Work instruction:
Transcribe the entries below without alteration.
──────── Source data
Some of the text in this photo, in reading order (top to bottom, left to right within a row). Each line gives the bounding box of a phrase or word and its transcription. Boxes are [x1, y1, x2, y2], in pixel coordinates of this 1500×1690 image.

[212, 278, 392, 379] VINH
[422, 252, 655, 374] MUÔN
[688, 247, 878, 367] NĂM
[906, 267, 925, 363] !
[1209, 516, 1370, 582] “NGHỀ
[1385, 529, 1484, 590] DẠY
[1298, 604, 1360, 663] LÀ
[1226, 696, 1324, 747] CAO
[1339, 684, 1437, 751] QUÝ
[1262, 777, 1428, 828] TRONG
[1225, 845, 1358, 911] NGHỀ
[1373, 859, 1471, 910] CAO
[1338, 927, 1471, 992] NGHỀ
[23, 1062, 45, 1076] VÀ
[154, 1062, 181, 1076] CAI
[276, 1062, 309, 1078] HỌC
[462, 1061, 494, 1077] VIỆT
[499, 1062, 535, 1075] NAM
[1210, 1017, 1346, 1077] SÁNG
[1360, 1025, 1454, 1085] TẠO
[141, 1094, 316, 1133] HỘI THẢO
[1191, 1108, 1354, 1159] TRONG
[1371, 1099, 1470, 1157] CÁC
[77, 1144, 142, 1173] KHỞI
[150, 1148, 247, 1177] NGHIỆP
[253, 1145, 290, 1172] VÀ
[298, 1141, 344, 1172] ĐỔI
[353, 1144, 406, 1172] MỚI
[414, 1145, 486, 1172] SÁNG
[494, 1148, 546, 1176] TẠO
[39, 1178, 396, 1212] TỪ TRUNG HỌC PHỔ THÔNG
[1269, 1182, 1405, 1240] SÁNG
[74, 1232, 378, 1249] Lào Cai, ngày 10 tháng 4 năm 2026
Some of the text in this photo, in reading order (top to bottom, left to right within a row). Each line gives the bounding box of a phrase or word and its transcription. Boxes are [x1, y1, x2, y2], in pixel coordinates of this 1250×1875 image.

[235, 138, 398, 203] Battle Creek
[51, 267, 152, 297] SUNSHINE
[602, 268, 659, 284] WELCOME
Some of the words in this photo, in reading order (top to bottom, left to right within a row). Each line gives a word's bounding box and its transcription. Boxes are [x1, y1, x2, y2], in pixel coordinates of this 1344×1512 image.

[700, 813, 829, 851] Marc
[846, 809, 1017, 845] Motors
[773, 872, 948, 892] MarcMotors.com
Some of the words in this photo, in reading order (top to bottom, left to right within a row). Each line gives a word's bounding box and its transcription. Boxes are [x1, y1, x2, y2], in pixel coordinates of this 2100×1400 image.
────────────────
Output of the exercise:
Some of the text in this photo, in reading order (top to bottom, left to right within a row). Each line gives the bounding box of a phrase or word and its transcription. Boxes are [x1, y1, x2, y2], in pixel coordinates of this 1500×1690 image.

[212, 278, 392, 379] VINH
[422, 252, 655, 374] MUÔN
[688, 247, 878, 367] NĂM
[906, 267, 925, 363] !
[1209, 516, 1370, 582] “NGHỀ
[1385, 529, 1484, 590] DẠY
[1298, 604, 1360, 663] LÀ
[1226, 696, 1324, 747] CAO
[1339, 684, 1437, 751] QUÝ
[1262, 777, 1428, 828] TRONG
[1225, 845, 1358, 911] NGHỀ
[1373, 859, 1471, 910] CAO
[1338, 927, 1471, 992] NGHỀ
[23, 1062, 45, 1076] VÀ
[154, 1062, 181, 1076] CAI
[276, 1062, 309, 1078] HỌC
[462, 1061, 494, 1077] VIỆT
[499, 1062, 535, 1075] NAM
[1210, 1017, 1346, 1077] SÁNG
[1360, 1025, 1454, 1085] TẠO
[141, 1094, 316, 1133] HỘI THẢO
[1191, 1108, 1354, 1159] TRONG
[1371, 1099, 1470, 1157] CÁC
[77, 1144, 142, 1173] KHỞI
[150, 1148, 247, 1177] NGHIỆP
[253, 1145, 290, 1172] VÀ
[298, 1141, 344, 1172] ĐỔI
[353, 1144, 406, 1172] MỚI
[414, 1145, 486, 1172] SÁNG
[494, 1148, 546, 1176] TẠO
[39, 1178, 396, 1212] TỪ TRUNG HỌC PHỔ THÔNG
[1269, 1182, 1405, 1240] SÁNG
[74, 1232, 378, 1249] Lào Cai, ngày 10 tháng 4 năm 2026
Some of the text in this photo, in reading order (top to bottom, left to right within a row). Each line gives the bounding box of a phrase or word and its transcription. Boxes are [x1, y1, x2, y2], in pixel coordinates of this 1250×1875 image.

[235, 138, 398, 203] Battle Creek
[51, 267, 152, 297] SUNSHINE
[602, 268, 659, 284] WELCOME
Some of the words in this photo, in reading order (top to bottom, left to right within a row). Each line gives a word's bounding box and its transcription. Boxes are [x1, y1, x2, y2], in pixel coordinates of this 1344×1512 image.

[700, 813, 829, 851] Marc
[846, 809, 1017, 845] Motors
[773, 872, 948, 892] MarcMotors.com
Some of the words in this photo, in reading order (top to bottom, left to right within a row). Each line gives a word's bounding box and its transcription. Boxes are [x1, y1, x2, y2], in pixel coordinates of this 2100×1400 image.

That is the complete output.